- Other names: thin basement membrane disease; thin basement membrane nephropathy; thin membrane nephropathy; benign familial hematuria; TBMD; TBMN; TMN; BFH
- Specialty: Nephrology

= Thin basement membrane disease =

Thin basement membrane disease (previously referred to as "benign familial hematuria") is, along with IgA nephropathy, the most common cause of hematuria without other symptoms. The only abnormal finding in this disease is a thinning of the basement membrane of the glomeruli in the kidneys. Its importance lies in the fact that it has a benign prognosis, with patients maintaining a normal kidney function throughout their lives.

==Signs and symptoms==
Most patients with thin basement membrane disease are incidentally discovered to have microscopic hematuria on urinalysis. The blood pressure, kidney function, and the urinary protein excretion are usually normal. Mild proteinuria (less than 1.5 g/day) and hypertension are seen in a small minority of patients. Frank hematuria and loin pain should prompt a search for another cause, such as kidney stones or loin pain-hematuria syndrome. Also, there are no systemic manifestations, so presence of hearing impairment or visual impairment should prompt a search for hereditary nephritis such as Alport syndrome.

==Genetics==
The molecular basis for thin basement membrane disease has yet to be elucidated fully; however, defects in type IV collagen have been reported in some families.

Some individuals with TBMD are thought to be carriers for genes that cause Alport syndrome.
==Diagnosis==
Thin basement membrane disease must be differentiated from the other two common causes of glomerular hematuria, IgA nephropathy and Alport syndrome. The history and presentation are helpful in this regard:
- In Alport syndrome, there is often a family history of kidney failure, which may be associated with hearing impairment. Also, males tend to be more affected as Alport syndrome is X-linked in most cases.
- In IgA nephropathy, episodes of frank hematuria are more common, and a family history is less common.

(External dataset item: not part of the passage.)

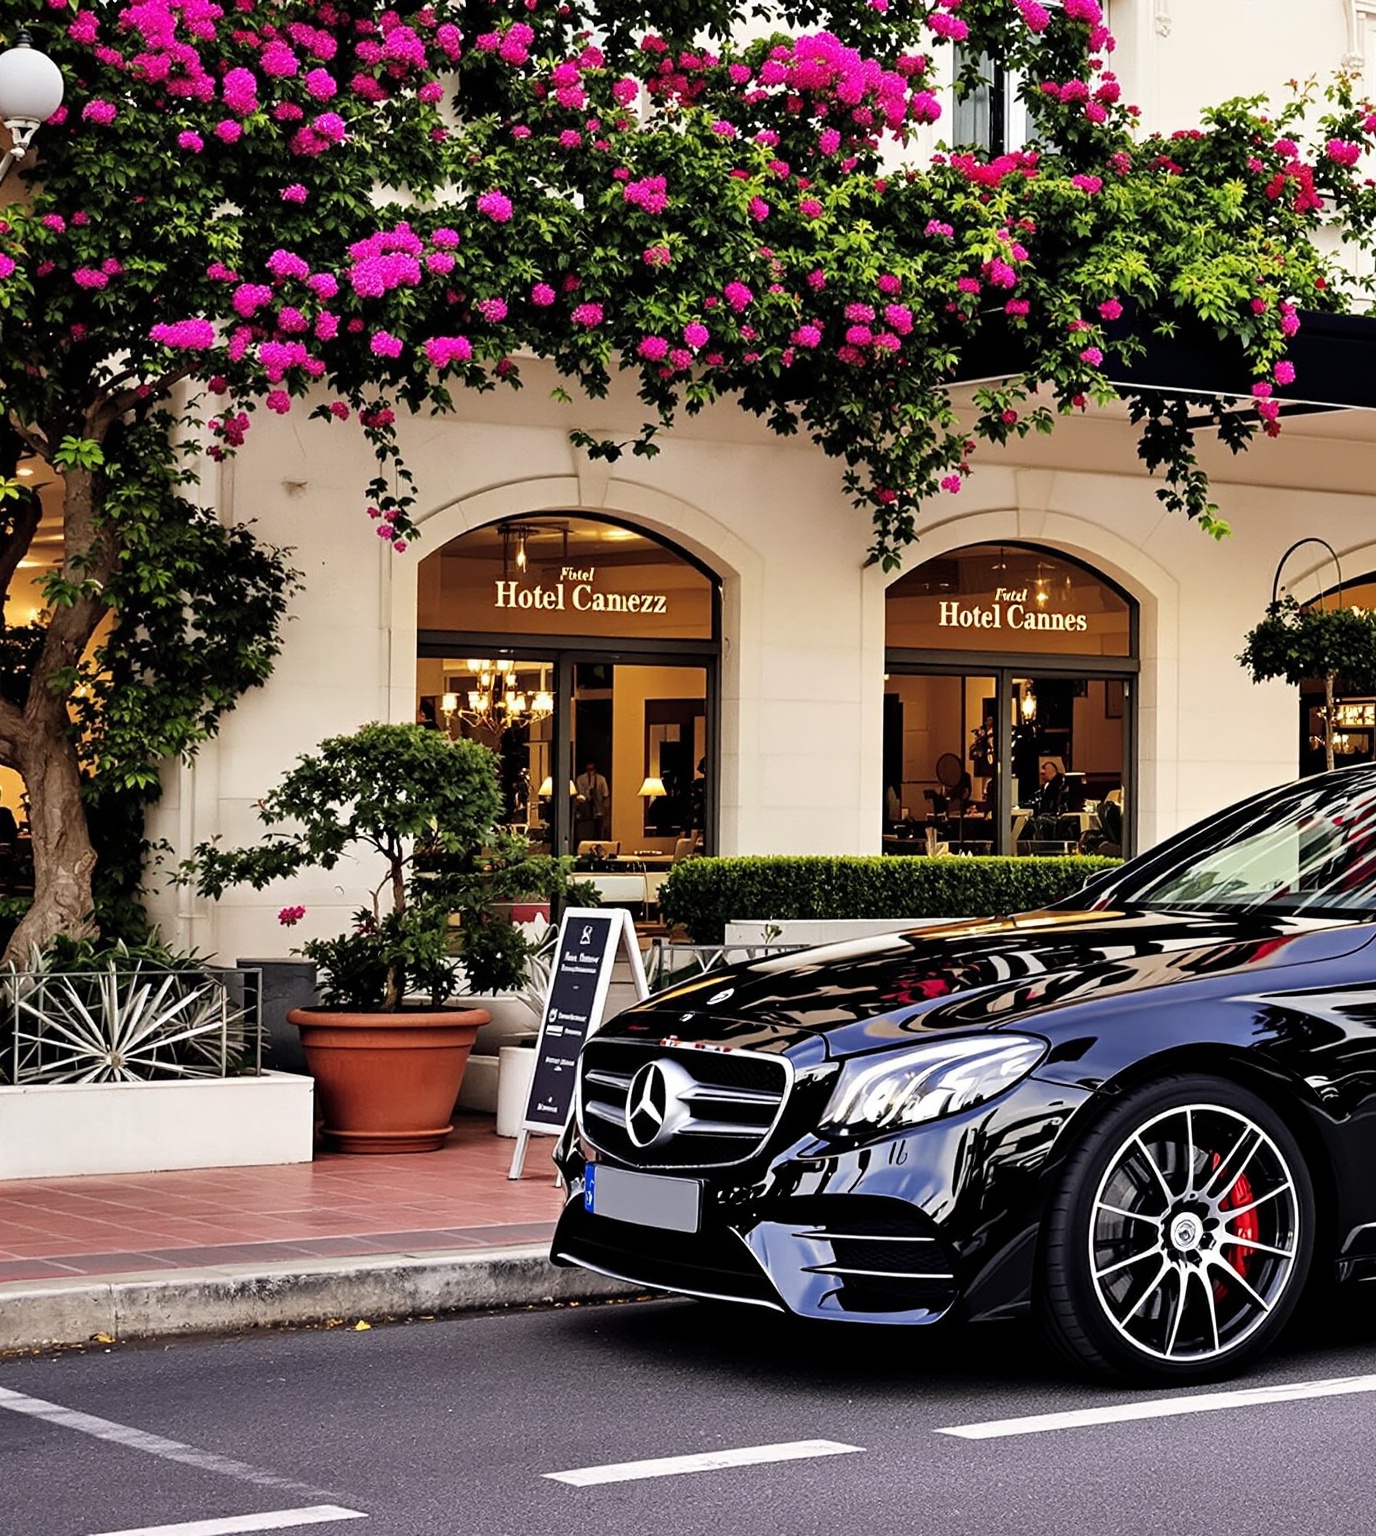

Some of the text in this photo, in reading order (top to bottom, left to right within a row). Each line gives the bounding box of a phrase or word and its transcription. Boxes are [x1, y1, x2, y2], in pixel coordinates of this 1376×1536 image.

A kidney biopsy is the only way to diagnose thin basement membrane disease. It reveals thinning of the glomerular basement membrane from the normal 300 to 400 nanometers (nm) to 150 to 250 nm. However, a biopsy is rarely done in cases where the patient has isolated microscopic hematuria, normal kidney function, and no proteinuria. The prognosis is excellent in this setting unless the clinical manifestations progress, as occurs in most males and some females with Alport syndrome and many patients with IgA nephropathy.

==Treatment==
Most patients with thin basement membrane disease need only reassurance. Indeed, this disease was previously referred to as "benign familial hematuria" because of its usually benign course. Angiotensin converting enzyme inhibitors have been suggested to reduce the episodes of hematuria, though controlled studies are lacking. Treating co-existing hypercalciuria and hyperuricosuria will also be helpful in reducing hematuria.

The molecular basis for thin basement membrane disease has yet to be elucidated fully; however, defects in the gene encoding the a4 chain of type IV collagen have been reported in some families.

==Prognosis==
Overall, most people with thin basement membrane disease have an excellent prognosis. Some reports, however, suggest that a minority might develop hypertension.

Thin basement membrane disease may co-exist with other kidney diseases, which may in part be explained by the high prevalence of thin basement membrane disease.